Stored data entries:
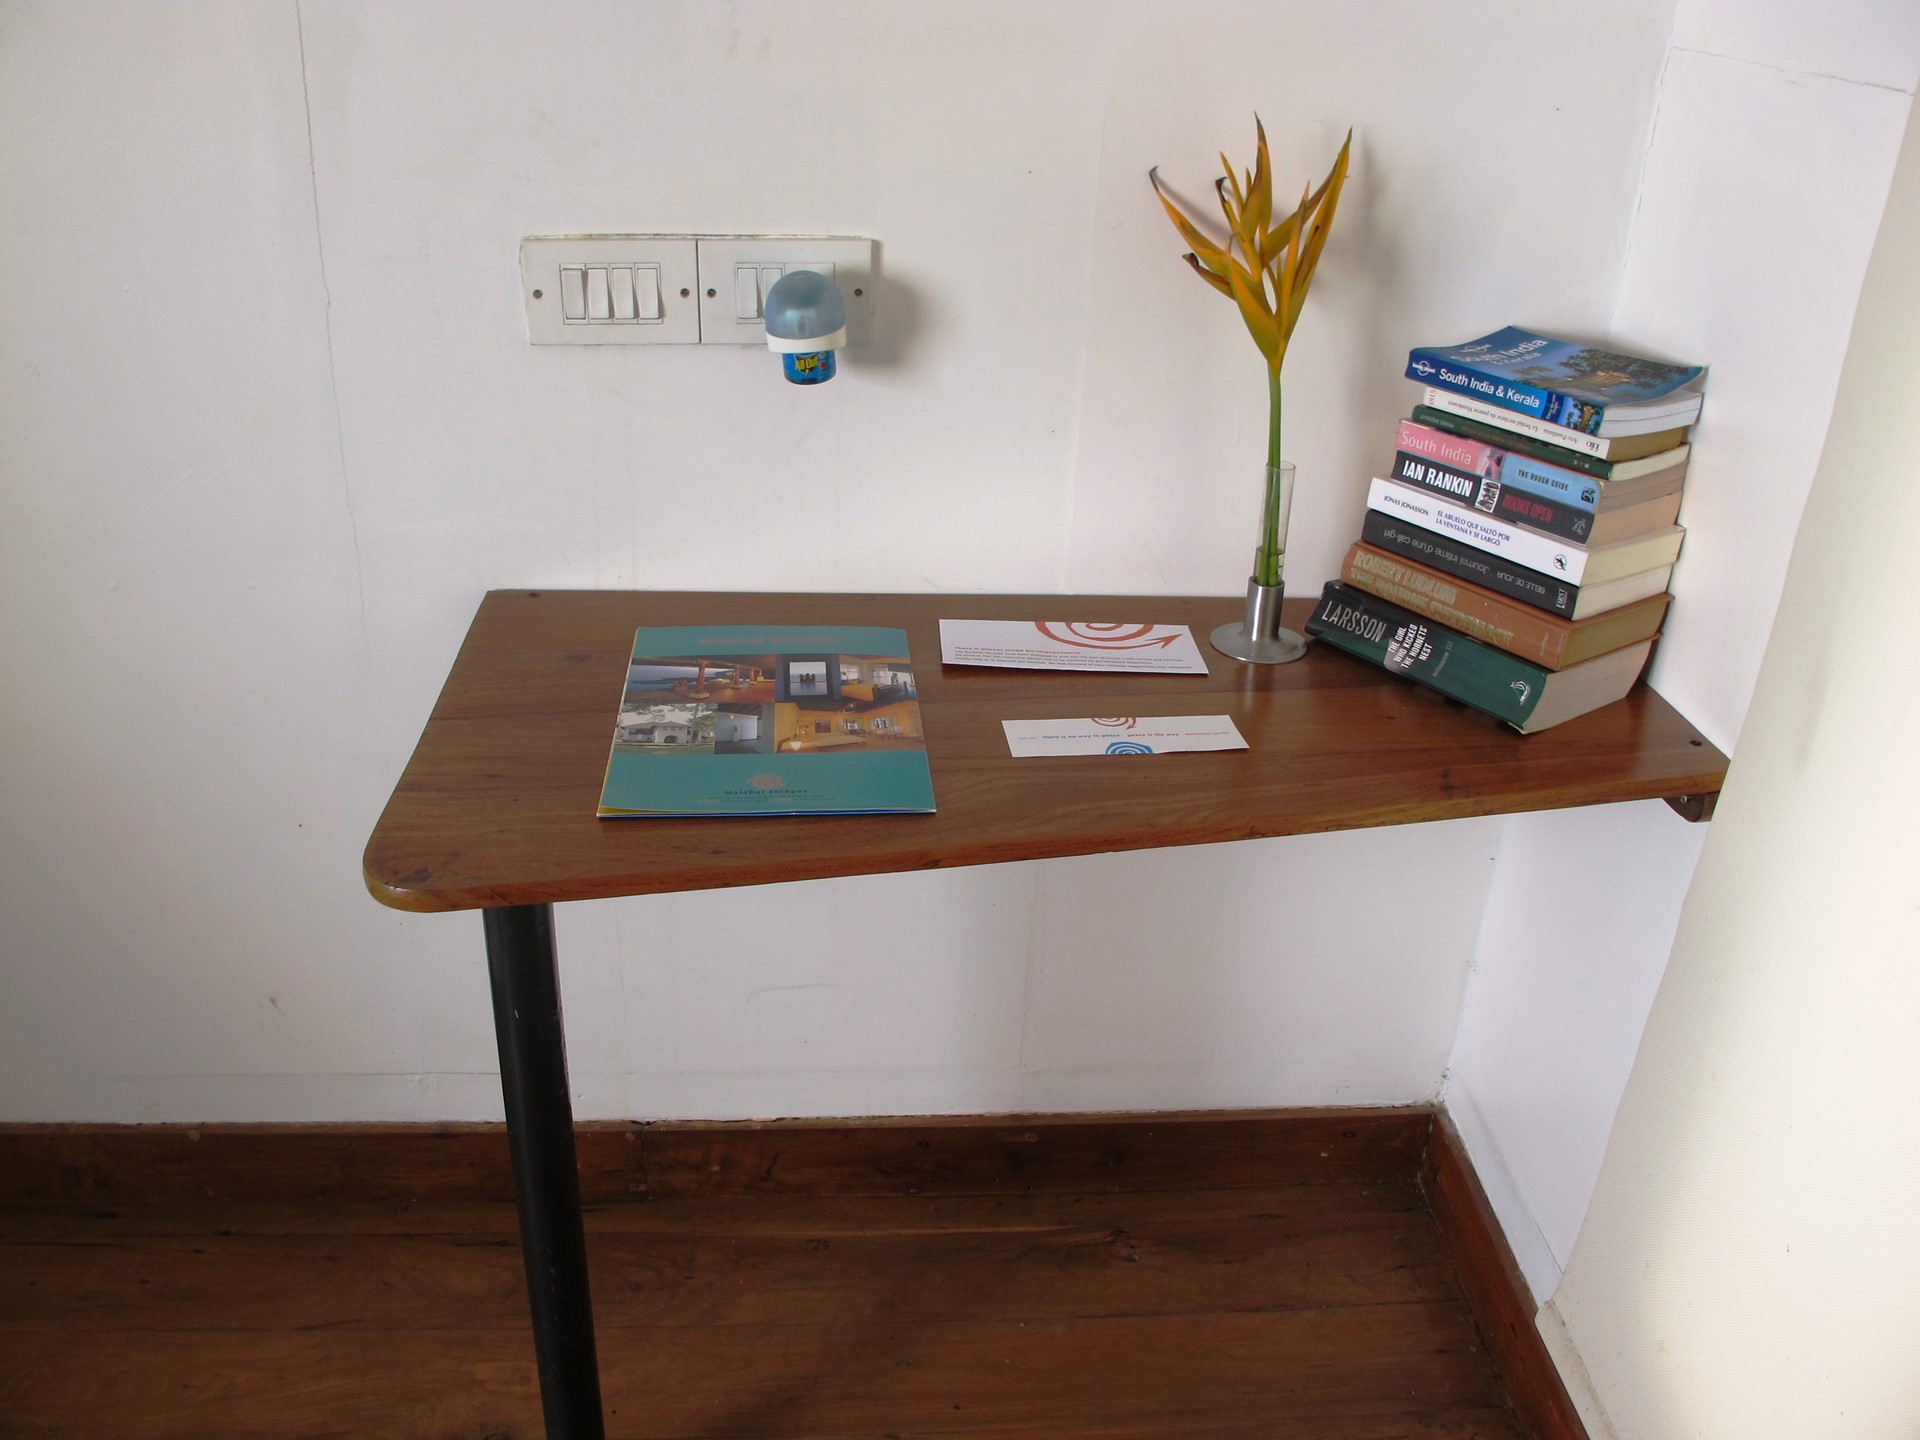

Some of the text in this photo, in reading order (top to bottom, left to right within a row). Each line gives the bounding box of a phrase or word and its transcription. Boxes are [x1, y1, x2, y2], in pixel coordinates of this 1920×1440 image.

[1499, 339, 1549, 357] India
[1438, 368, 1540, 408] South India & Kerala
[1400, 431, 1437, 454] South
[1440, 443, 1472, 465] India
[1402, 460, 1474, 498] IAN RANKIN
[1518, 468, 1569, 491] THE ROUGH GUIDE
[1383, 494, 1429, 516] JONAS JONASSON
[1502, 494, 1555, 523] DOORS OPEN
[1435, 517, 1443, 526] LA
[1443, 519, 1468, 535] VENTANA
[1473, 531, 1480, 539] SE
[1480, 534, 1501, 547] LARGÓ
[1437, 510, 1511, 542] EL ABUELO QUE SALTÓ POR
[1354, 550, 1405, 583] ROBERT
[1383, 528, 1490, 575] Journal intime d'une call-girl
[1350, 566, 1375, 588] THE
[1496, 570, 1546, 595] BELLE DE JOUR
[1555, 587, 1565, 610] FIRST
[1321, 600, 1387, 643] LARSSON
[1388, 626, 1408, 654] THE GIRL
[1392, 623, 1418, 663] WHO KICKED
[1400, 624, 1428, 669] THE HORNETS'
[1418, 642, 1433, 662] NEST
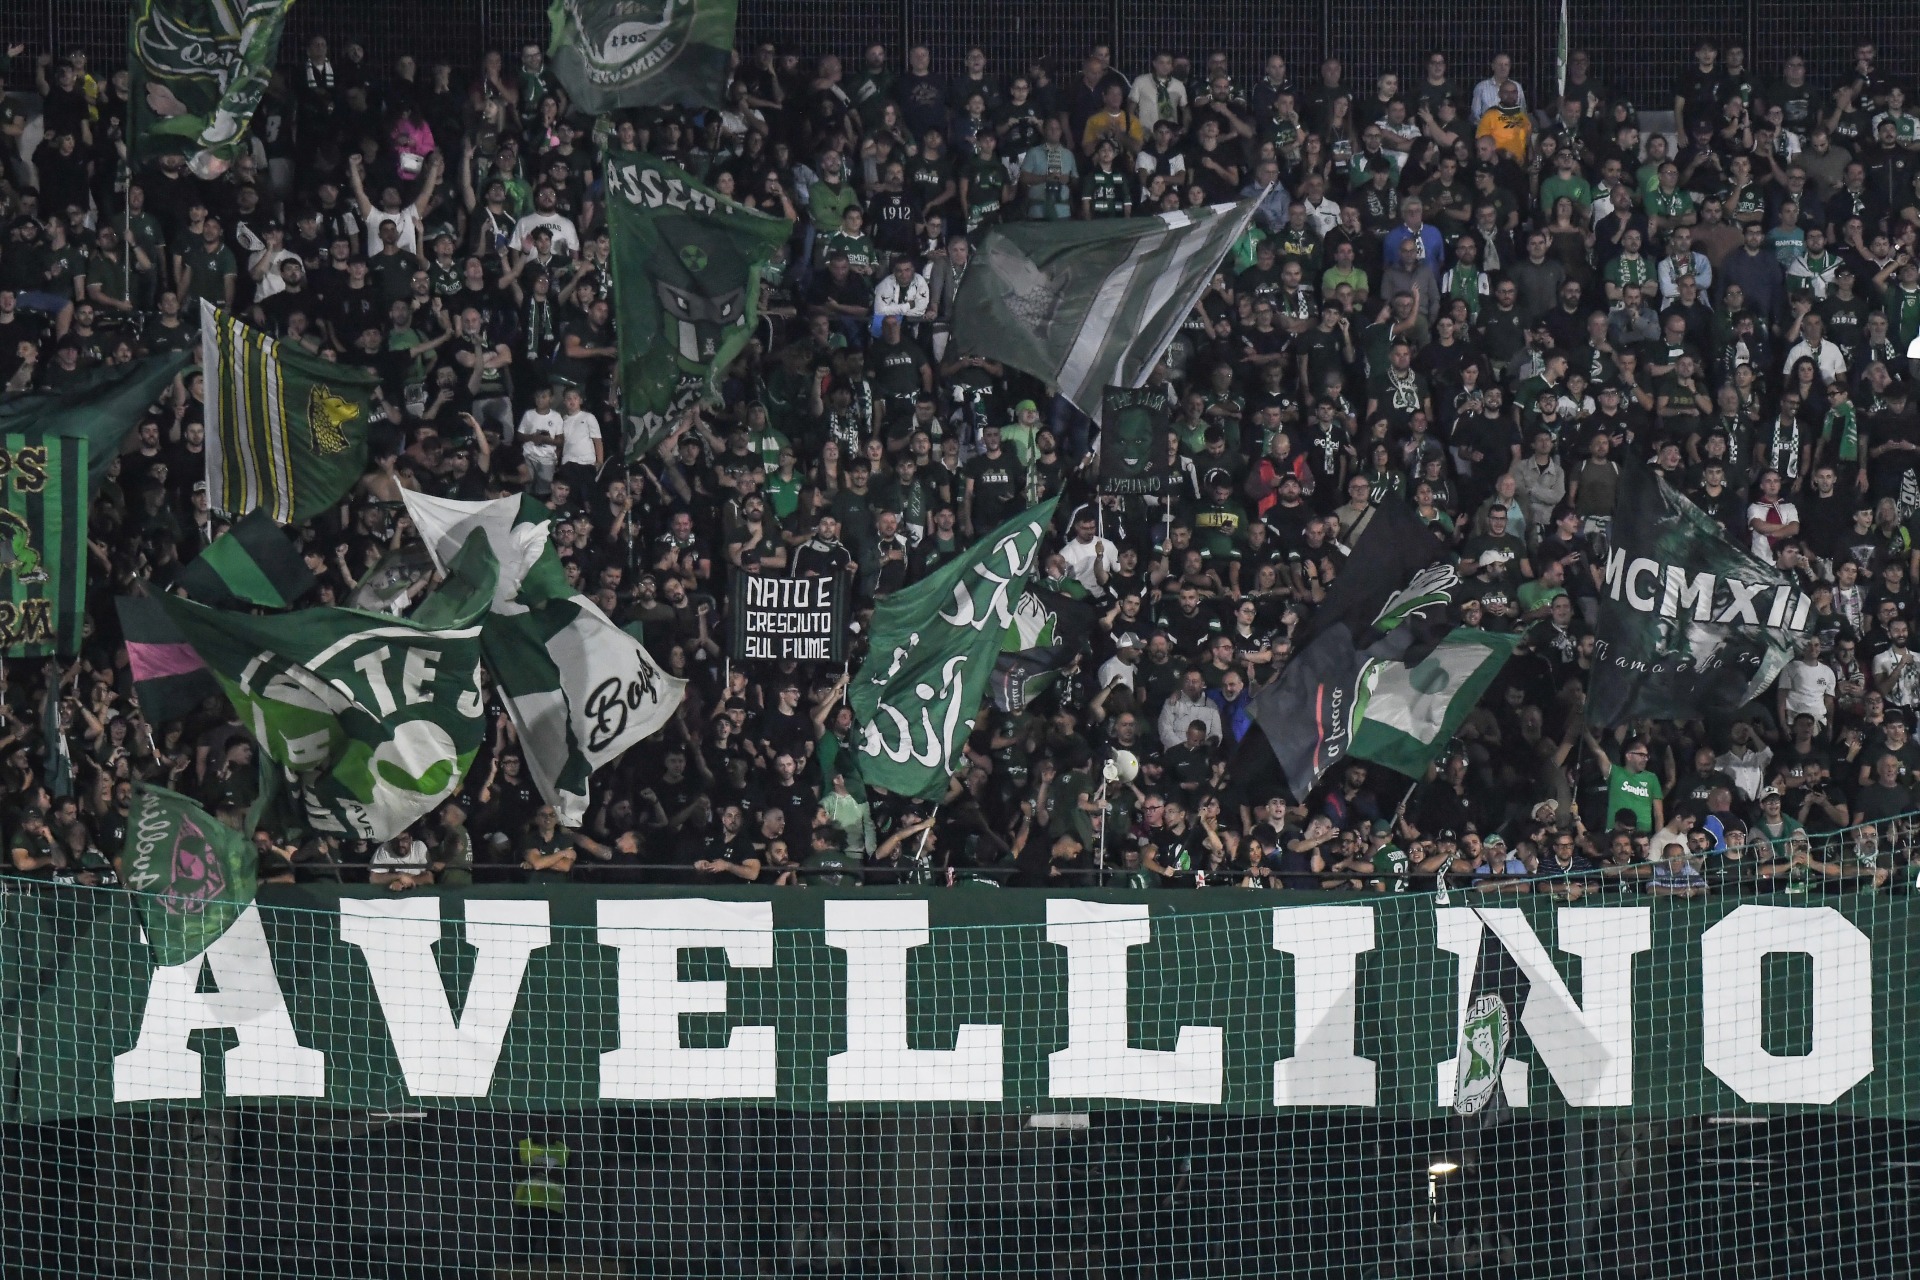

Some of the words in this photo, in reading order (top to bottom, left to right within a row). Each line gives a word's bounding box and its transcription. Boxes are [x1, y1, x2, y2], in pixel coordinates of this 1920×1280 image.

[883, 206, 911, 220] 1912
[746, 575, 810, 608] NATO
[816, 576, 833, 607] E
[1605, 544, 1812, 632] MCMXII
[746, 610, 831, 633] CRESCIUTO
[745, 635, 778, 659] SUL
[782, 637, 831, 659] FIUME
[1615, 656, 1665, 674] amo
[584, 648, 660, 752] Boys
[114, 897, 1875, 1106] AVELLINO

## [Task instructions]
Restate the entries above word for word, keeping pictures out of the copy.

## [Answer]
Some of the text in this photo, in reading order (top to bottom, left to right within a row). Each line gives the bounding box of a phrase or word and its transcription. Boxes are [x1, y1, x2, y2], in pixel coordinates of this 1920×1440 image.

[1499, 339, 1549, 357] India
[1438, 368, 1540, 408] South India & Kerala
[1400, 431, 1437, 454] South
[1440, 443, 1472, 465] India
[1402, 460, 1474, 498] IAN RANKIN
[1518, 468, 1569, 491] THE ROUGH GUIDE
[1383, 494, 1429, 516] JONAS JONASSON
[1502, 494, 1555, 523] DOORS OPEN
[1435, 517, 1443, 526] LA
[1443, 519, 1468, 535] VENTANA
[1473, 531, 1480, 539] SE
[1480, 534, 1501, 547] LARGÓ
[1437, 510, 1511, 542] EL ABUELO QUE SALTÓ POR
[1354, 550, 1405, 583] ROBERT
[1383, 528, 1490, 575] Journal intime d'une call-girl
[1350, 566, 1375, 588] THE
[1496, 570, 1546, 595] BELLE DE JOUR
[1555, 587, 1565, 610] FIRST
[1321, 600, 1387, 643] LARSSON
[1388, 626, 1408, 654] THE GIRL
[1392, 623, 1418, 663] WHO KICKED
[1400, 624, 1428, 669] THE HORNETS'
[1418, 642, 1433, 662] NEST

Some of the words in this photo, in reading order (top to bottom, left to right within a row). Each line gives a word's bounding box and its transcription. Boxes are [x1, y1, x2, y2], in pixel coordinates of this 1920×1280 image.

[883, 206, 911, 220] 1912
[746, 575, 810, 608] NATO
[816, 576, 833, 607] E
[1605, 544, 1812, 632] MCMXII
[746, 610, 831, 633] CRESCIUTO
[745, 635, 778, 659] SUL
[782, 637, 831, 659] FIUME
[1615, 656, 1665, 674] amo
[584, 648, 660, 752] Boys
[114, 897, 1875, 1106] AVELLINO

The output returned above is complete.